1) Privilege Escalation

EUVDB-ID: #VU811

Risk: Medium

CVSSv4.0: 2 [CVSS:4.0/AV:L/AC:L/AT:P/PR:H/UI:A/VC:H/VI:H/VA:H/SC:N/SI:N/SA:N/E:U/U:Green]

CVE-ID: CVE-2016-1238

CWE-ID: CWE-20 - Improper input validation

Exploit availability: No

Description

The vulnerability allows a local user to obtain elevated privileges on the target system.

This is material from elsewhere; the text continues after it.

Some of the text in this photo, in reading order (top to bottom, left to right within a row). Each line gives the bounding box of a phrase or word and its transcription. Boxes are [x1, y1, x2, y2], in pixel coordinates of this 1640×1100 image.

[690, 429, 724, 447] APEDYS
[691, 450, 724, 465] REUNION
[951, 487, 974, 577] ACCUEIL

The vulnerability exists due to improper input validation. By sending and tricking the victim to load a specially crafted code a malicious user can cause arbitrary code execution that allows them to gain root privileges.

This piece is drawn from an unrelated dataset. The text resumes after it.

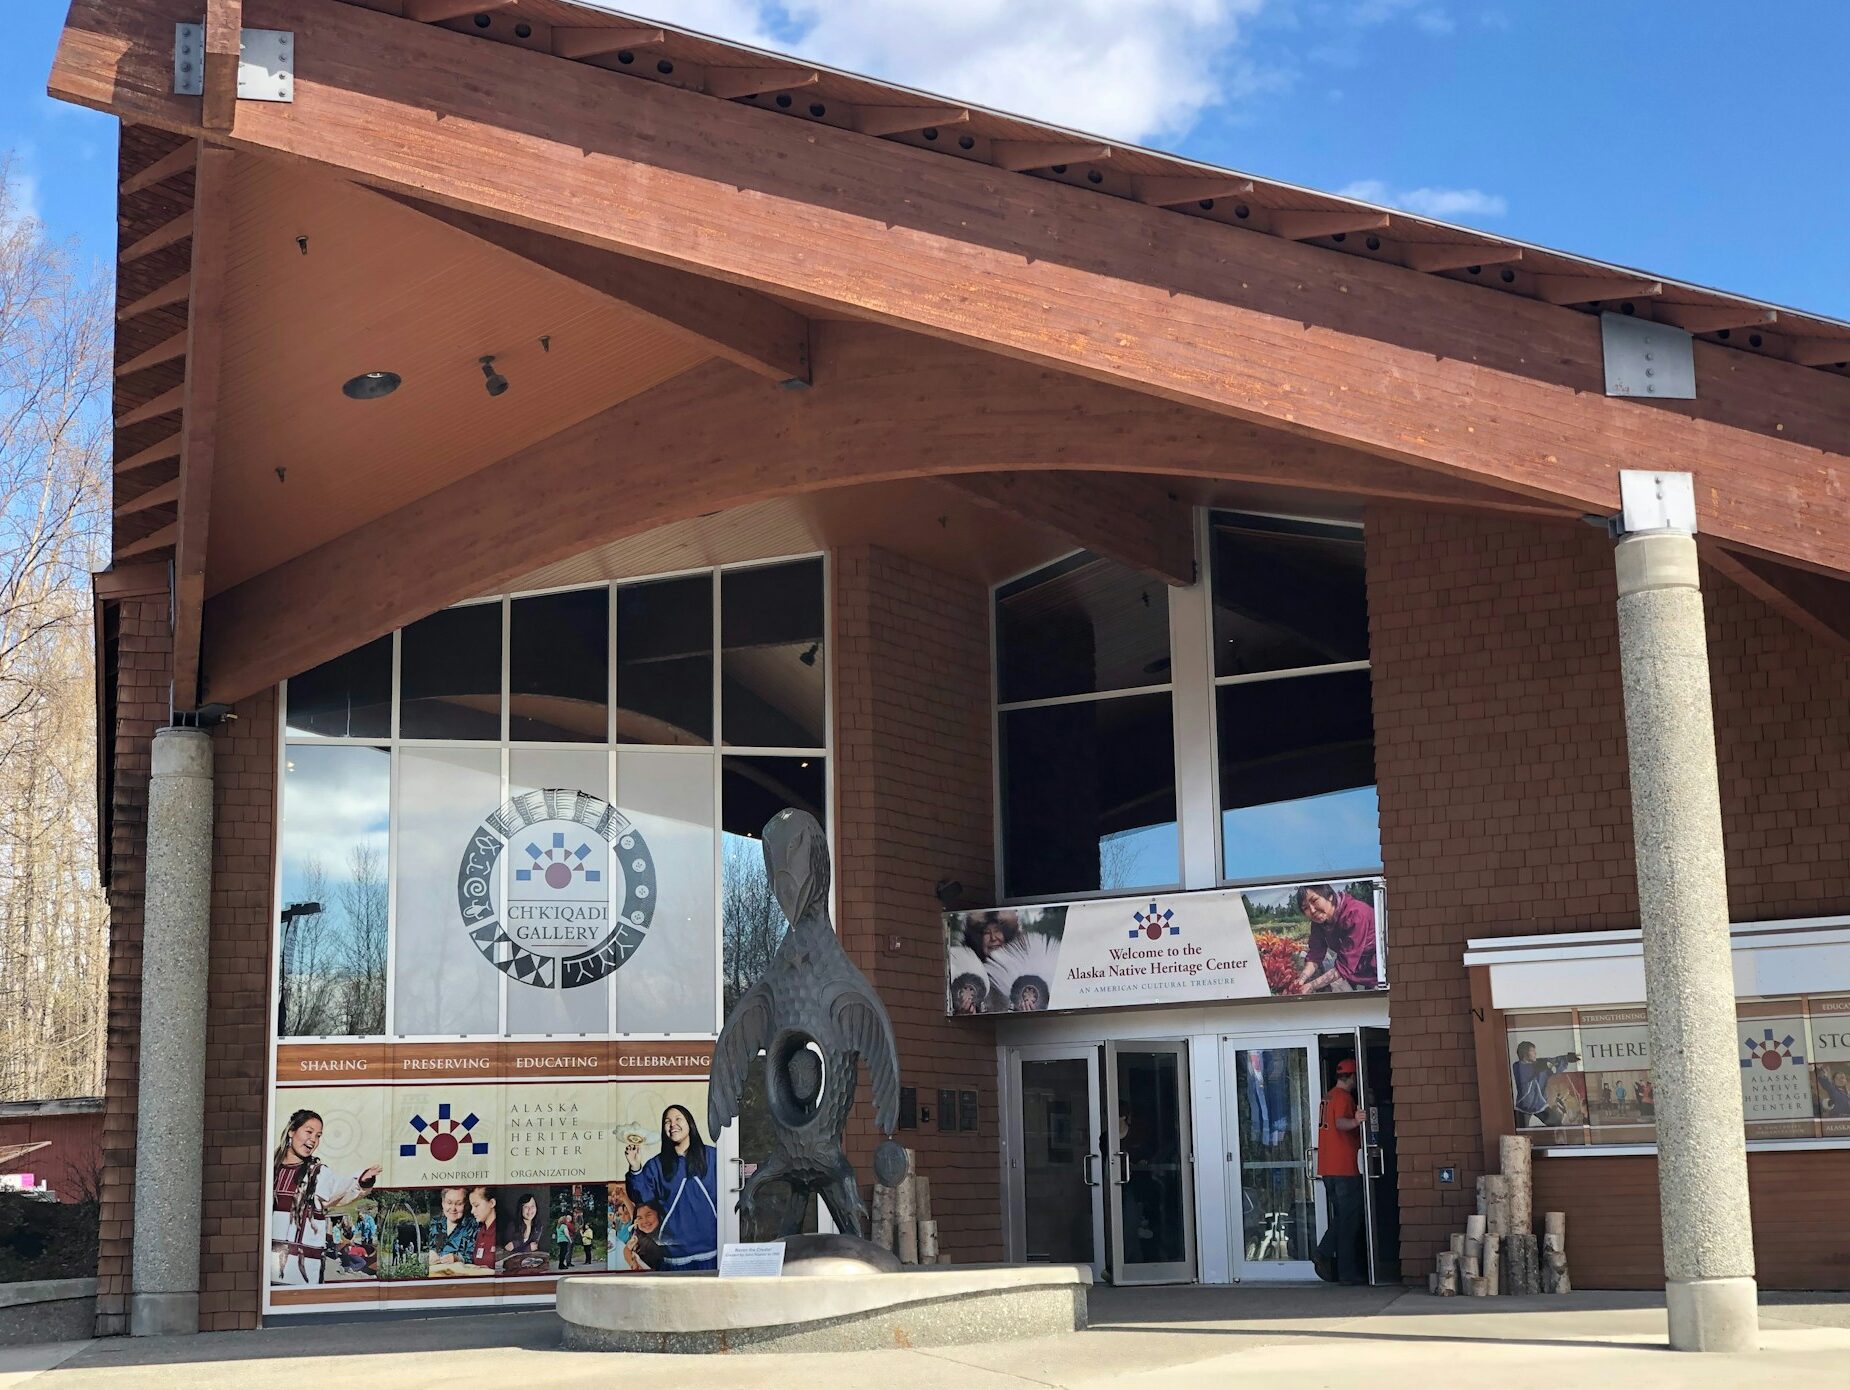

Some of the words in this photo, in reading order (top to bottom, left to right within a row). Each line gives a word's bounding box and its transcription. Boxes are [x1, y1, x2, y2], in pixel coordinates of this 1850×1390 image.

Successful exploitation of this vulnerability will result in arbitrary code execution that allows a local attacker to get elevated privilegs on the vulnerable system.

Mitigation

Install update from vendor's website.

Vulnerable software versions

perl (Alpine package): 5.22.1-r0

CPE2.3

• cpe:2.3:a:alpine:perl_alpine_package:5.22.1-r0:*:*:*:*:alpine_linux:*:3.2

External links

https://git.alpinelinux.org/aports/commit/?id=414d938b62bf425063a54567a1736a0d2fb76c8f
https://git.alpinelinux.org/aports/commit/?id=d41a153ca51fae77177652bcf56edc463802bab3
https://git.alpinelinux.org/aports/commit/?id=920c66f72c3e2cc23d7aed42e9ffa0d3a355494d
https://git.alpinelinux.org/aports/commit/?id=baee0facb0bff1fa120bd6c9b7b0454af79a3f04
https://git.alpinelinux.org/aports/commit/?id=4038e91416abe5bb2a7a09fe108146f5d55bbdaa
https://git.alpinelinux.org/aports/commit/?id=bbc6185fa840cf1ceda1ac42aeae5bef8eb65357
https://git.alpinelinux.org/aports/commit/?id=cd0cf727fceef7bea9e79276c4511ec704e6143b

Q & A

Can this vulnerability be exploited remotely?

No. This vulnerability can be exploited locally. The attacker should have authentication credentials and successfully authenticate on the system.

Is there known malware, which exploits this vulnerability?

No. We are not aware of malware exploiting this vulnerability.